Arrival enjoyable yet lacking a bit
By Thomas Simpson
Acclaimed director Denis Villeneuve returns with the sci-fi drama, Arrival. Written by Eric Heisser and adapted from Ted Chiang’s short story titled Story of Your Life, Arrival is a refreshing tale of first contact that is set apart from the usual disaster strewn blockbusters that involve aliens. Although it looks like an invasion at first, humanity has no idea why the visitors are here or what their intentions really are.
In an attempt to communicate with the extra-terrestrials, christened Heptapods, US Army Colonel Weber (Forest Whitaker) enlists the assistance of linguistics professor Louise Banks (Amy Adams) to lead a special team to decode the alien language and determine if they’re a threat. As Louise beings work, she is plagued with memories of her dead daughter which also contain hints that assist her. Other countries have their own translators with China perceiving the aliens to be a threat and look to strike first. Banks along with theoretical physicist Ian Donnelly (Jeremy Renner), must act fast to prove the aliens’ real intentions before an intergalactic war is started.

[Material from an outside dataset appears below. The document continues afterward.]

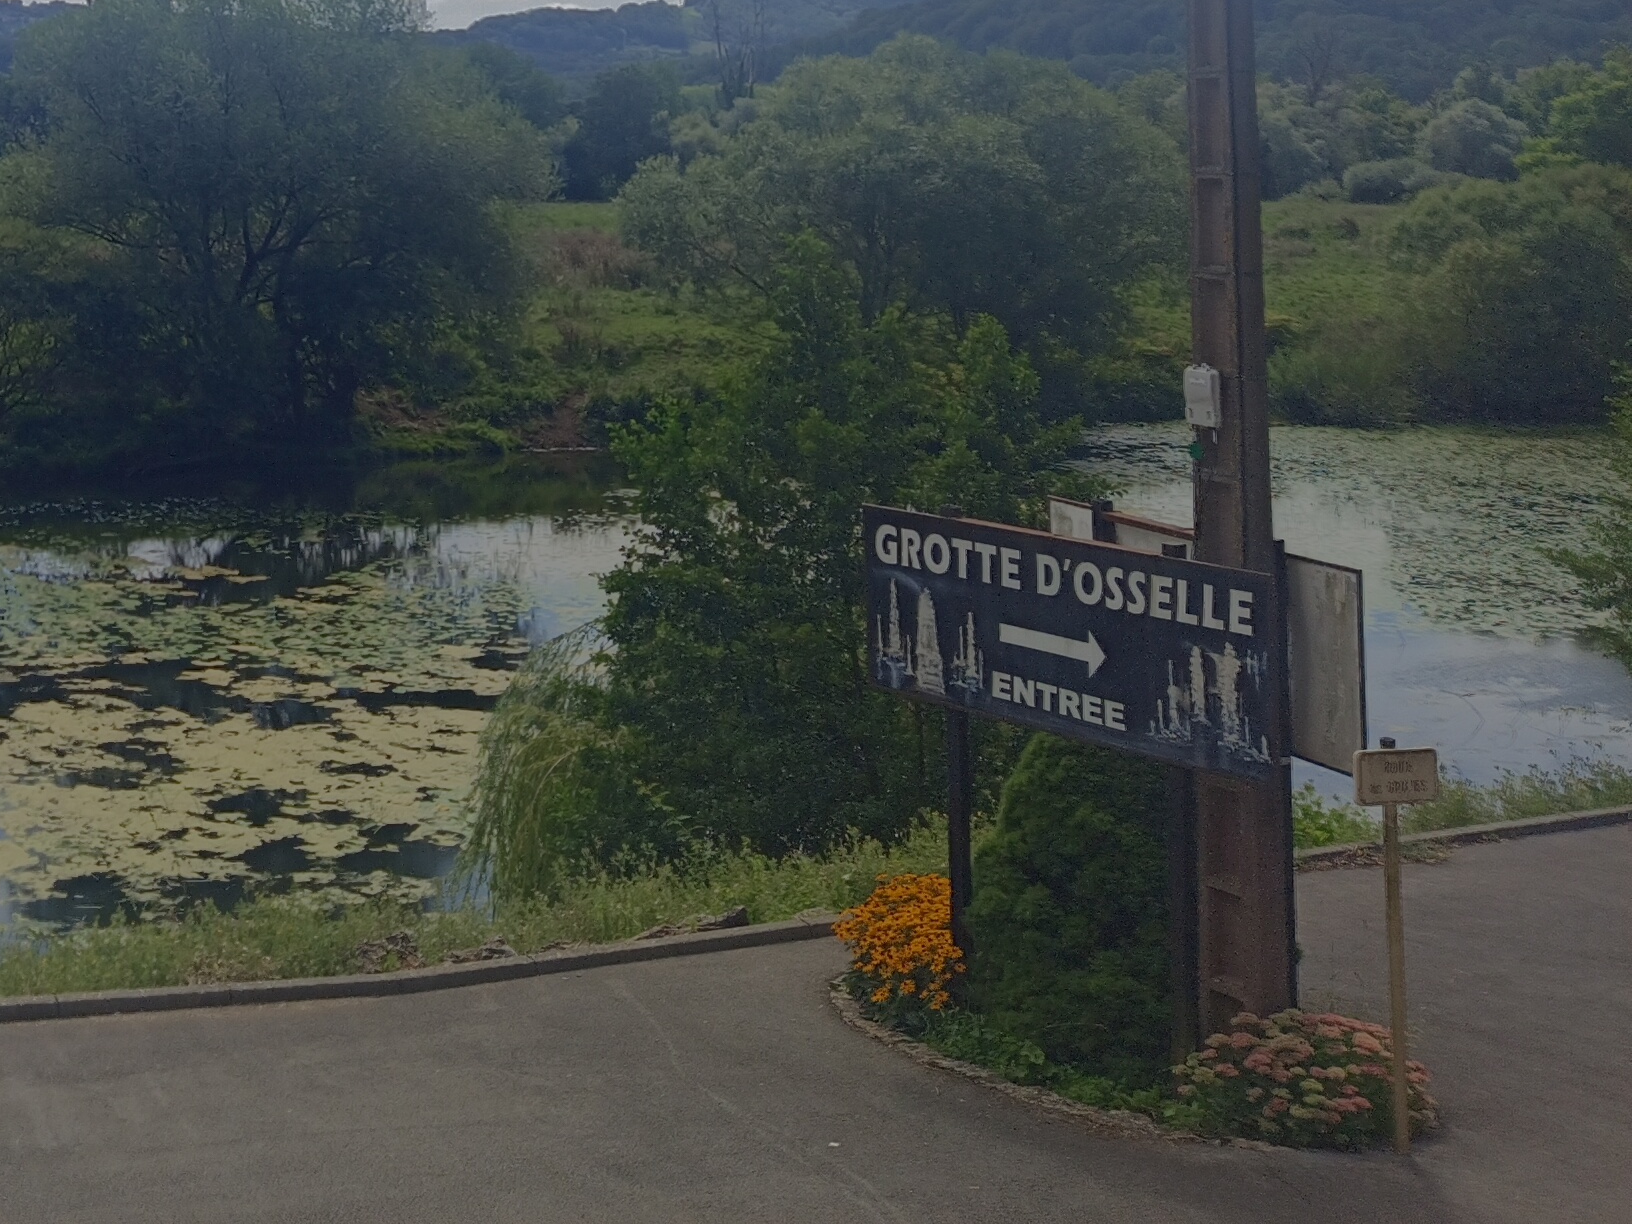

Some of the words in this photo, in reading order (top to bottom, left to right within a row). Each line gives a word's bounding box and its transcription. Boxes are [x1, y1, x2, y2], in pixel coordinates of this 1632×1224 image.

[874, 524, 1022, 590] GROTTE
[1036, 553, 1255, 637] D'OSSELLE
[991, 670, 1128, 732] ENTREE

Arrival is a smartly written script that delivers a gradual tension that will have you gripped, but not necessarily on the edge of your seat. There is no urgency to the pace, not that it drags, instead the story unravels steadily and methodically. There’s no dread however and although we care about the end result the tension is never really heightened.
Adams is on solid form with a restrained and touching performance. Her communication with the aliens is as heartfelt as Banks’ moments with her daughter. By revealing her terminal condition early on it adds weight to Adam’s performance and raises many questions.

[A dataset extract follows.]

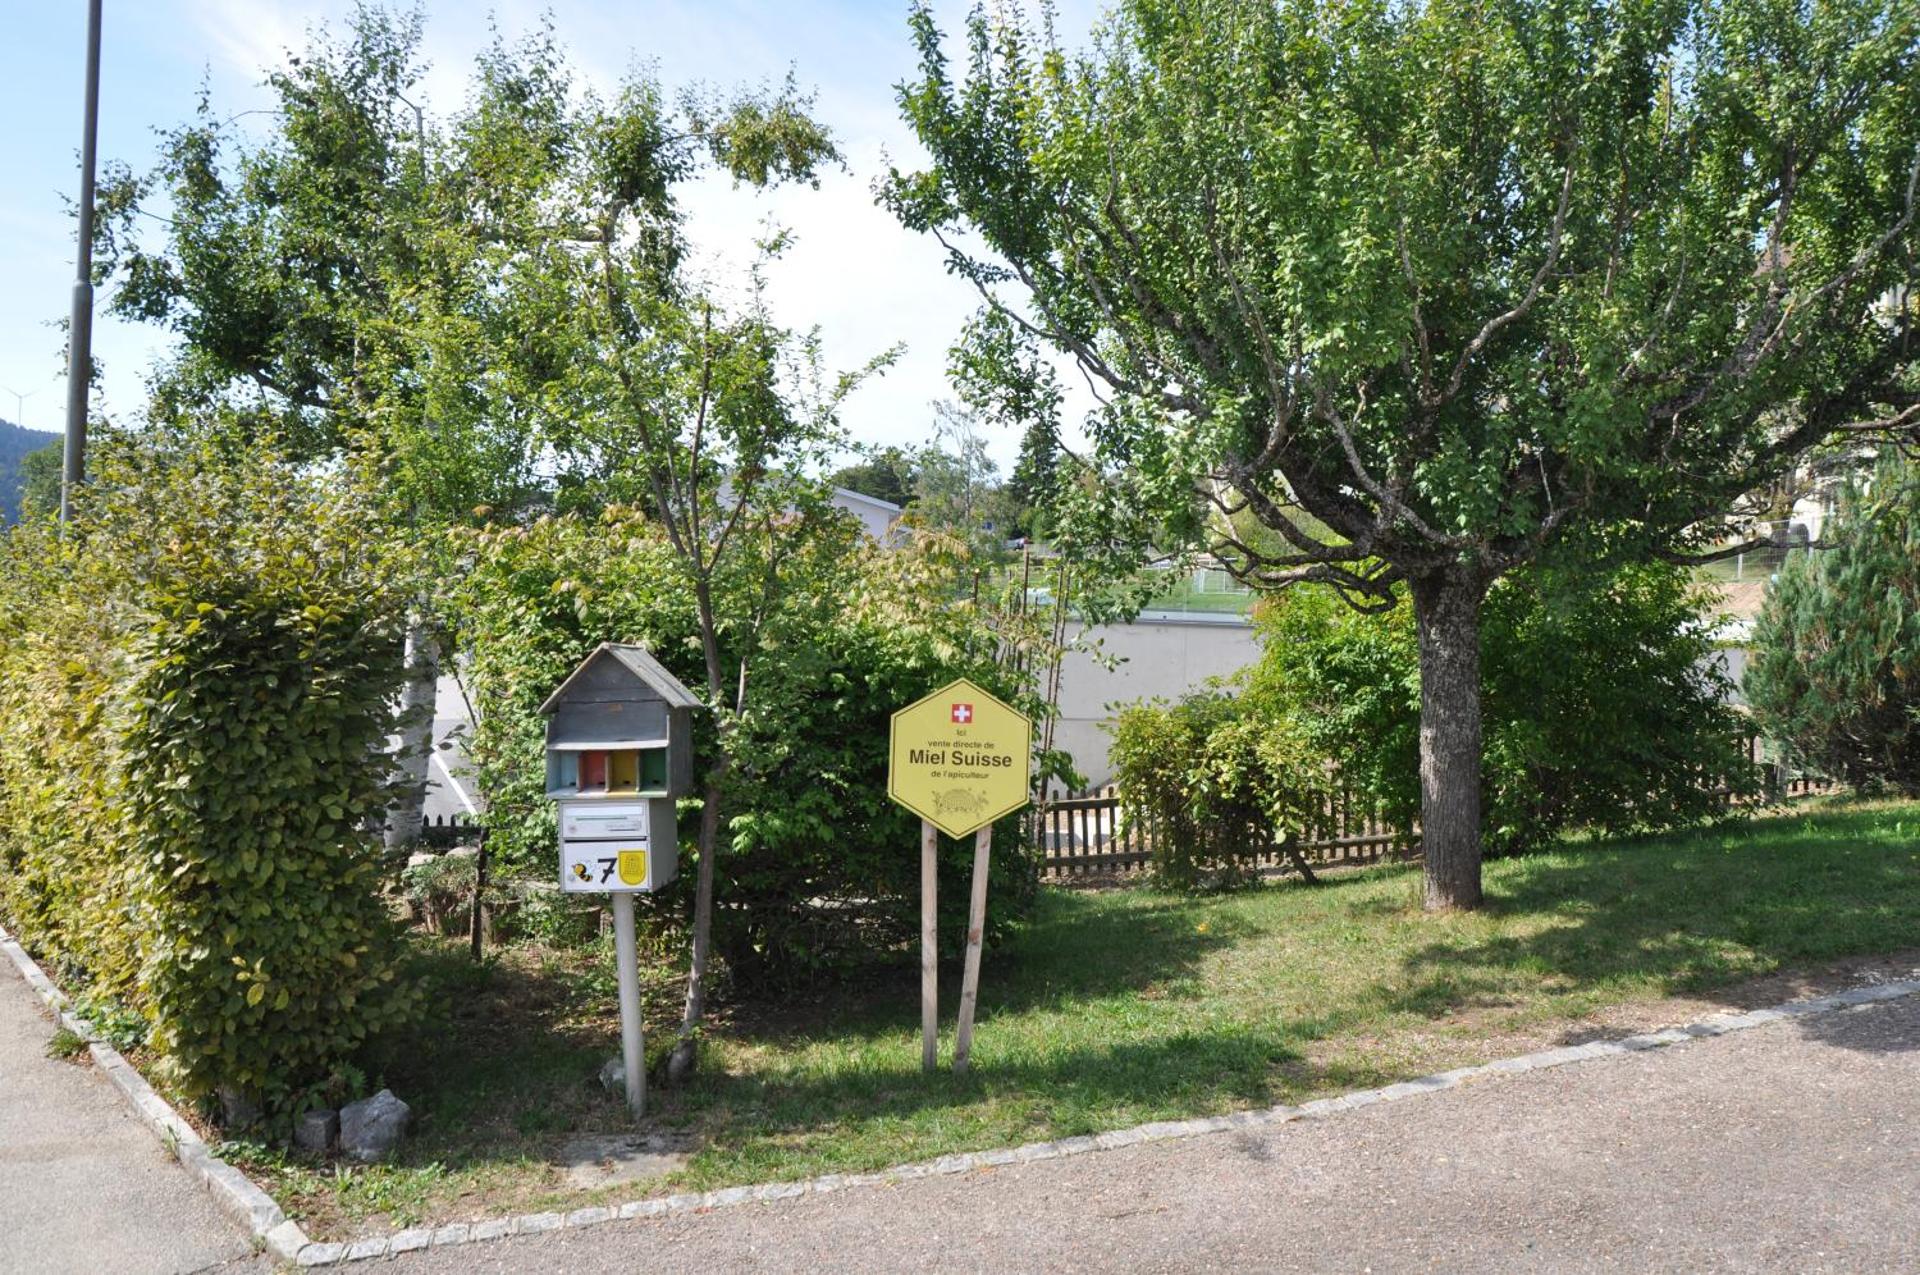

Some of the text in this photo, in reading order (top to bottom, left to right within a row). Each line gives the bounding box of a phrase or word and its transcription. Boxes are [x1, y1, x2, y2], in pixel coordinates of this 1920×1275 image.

[928, 740, 995, 749] vente directe de
[909, 749, 1012, 767] Miel Suisse
[931, 770, 941, 778] de
[597, 857, 618, 884] 7

There’s no denying that it’s clever even if it’s not as clever as it thinks it is. There’s a great reveal towards the third act but then circumstances become a little coincidently, convenient and downright silly. There’s a slight element of Deus ex Machina at play which is regrettable as the solid pacing hurries towards a rushed conclusion.

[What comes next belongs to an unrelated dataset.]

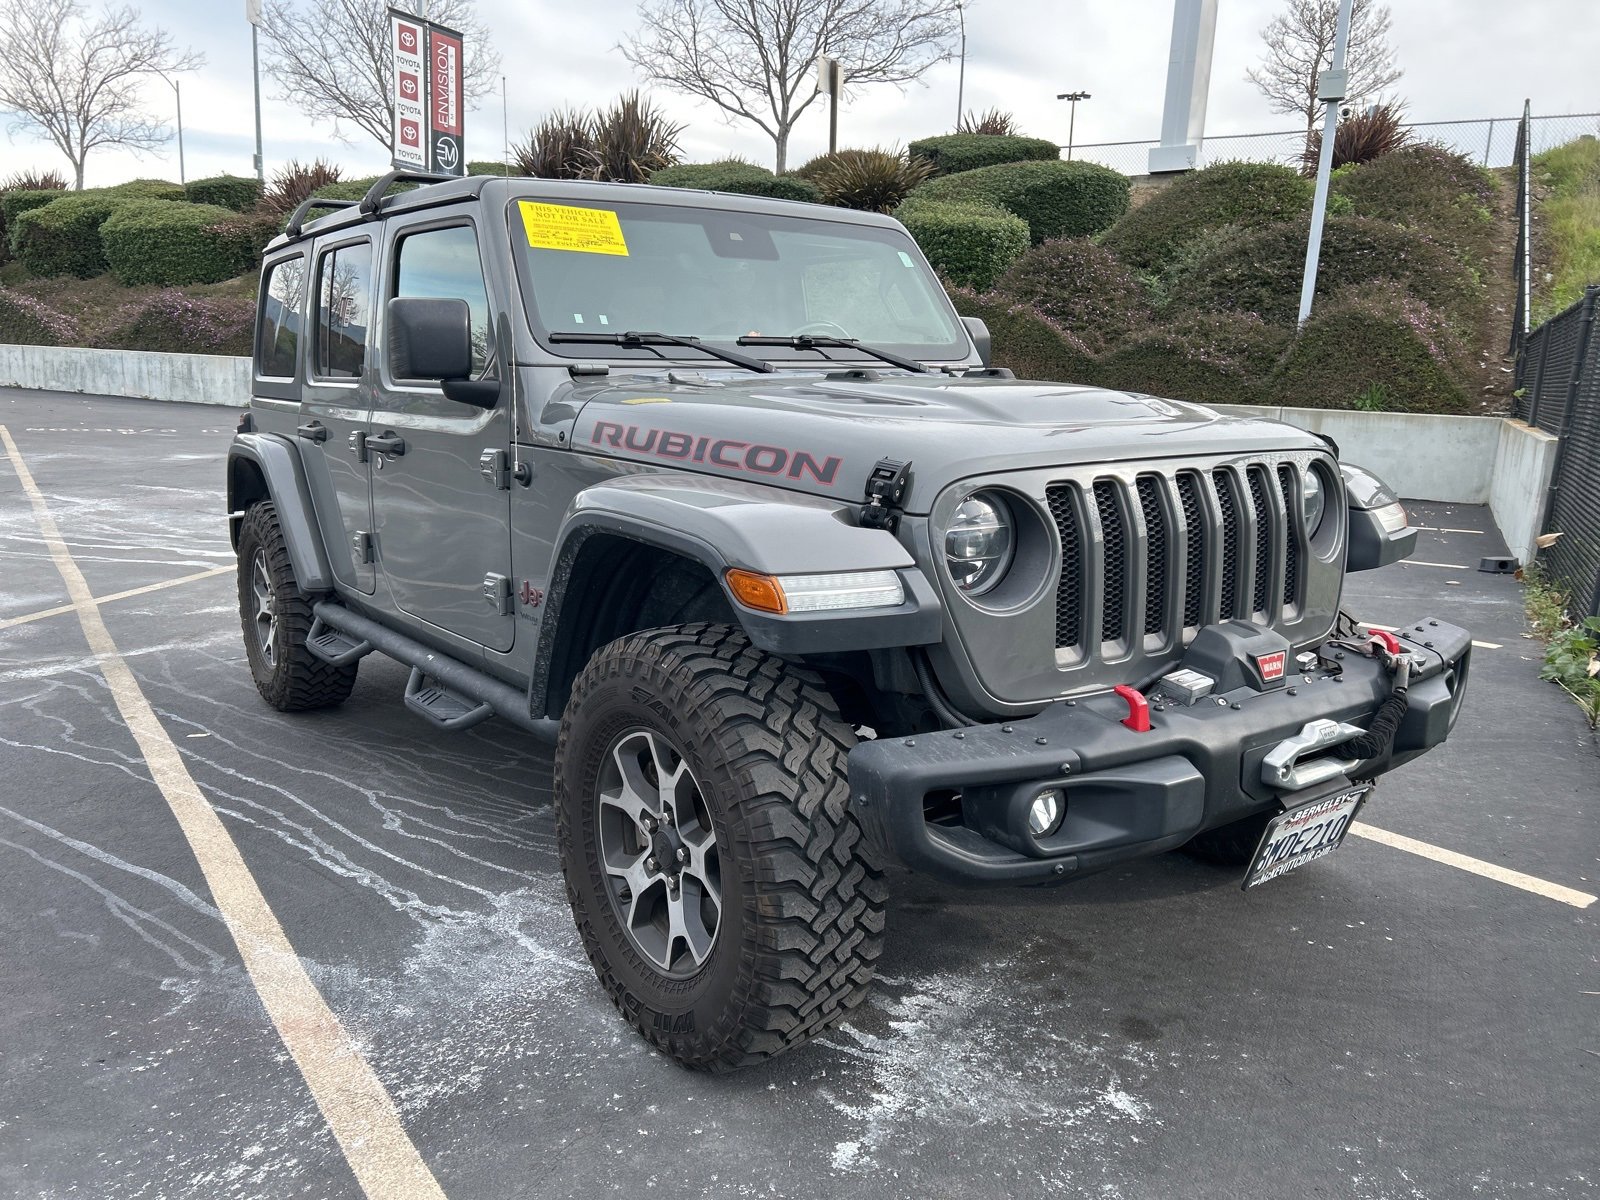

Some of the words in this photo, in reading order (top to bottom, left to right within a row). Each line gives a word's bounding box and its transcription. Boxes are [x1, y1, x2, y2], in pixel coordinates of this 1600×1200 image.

The sound production is incredible with the score unnerving at times. The alien language quickly is intriguing to listen to but utterly fascinating to watch as the symbols swirl across the screen. The design of the aliens and their ships are wonderfully simple with Villeneuve adding mystique to the creatures by keeping them obscured.
It’s a thought provoking film that will raise some sophisticated discussion with audiences. It’s beautifully shot, but a little hollow story wise that left me feeling like I’d missed something when I left the cinema. Arrival is a good film, it’s very enjoyable, unfortunately it promises much and delivers little in the end.